Work required - The listing is to be returned word for word, without its images.

···

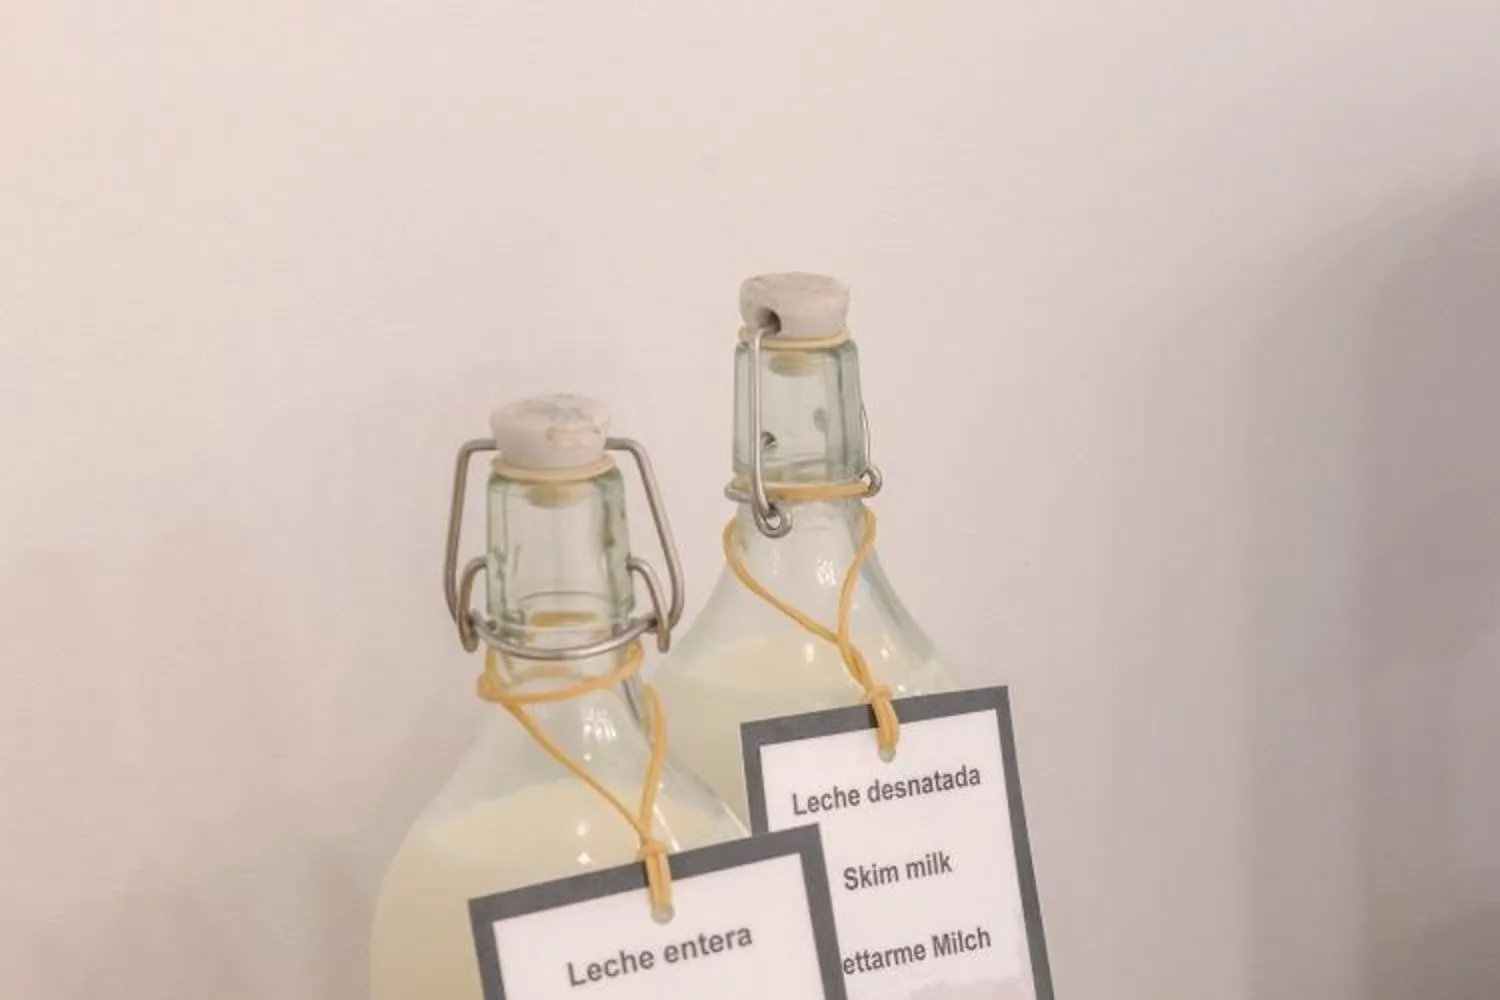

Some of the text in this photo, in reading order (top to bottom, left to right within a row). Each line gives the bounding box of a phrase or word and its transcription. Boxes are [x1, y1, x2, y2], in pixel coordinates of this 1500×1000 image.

[791, 764, 982, 816] Leche desnatada
[842, 850, 953, 892] Skim milk
[566, 926, 754, 988] Leche entera
[842, 926, 992, 976] ettarme Milch

···

Task result -
Some of the text in this photo, in reading order (top to bottom, left to right within a row). Each line gives the bounding box of a phrase or word and its transcription. Boxes are [x1, y1, x2, y2], in pixel coordinates of this 1500×1000 image.

[791, 764, 982, 816] Leche desnatada
[842, 850, 953, 892] Skim milk
[566, 926, 754, 988] Leche entera
[842, 926, 992, 976] ettarme Milch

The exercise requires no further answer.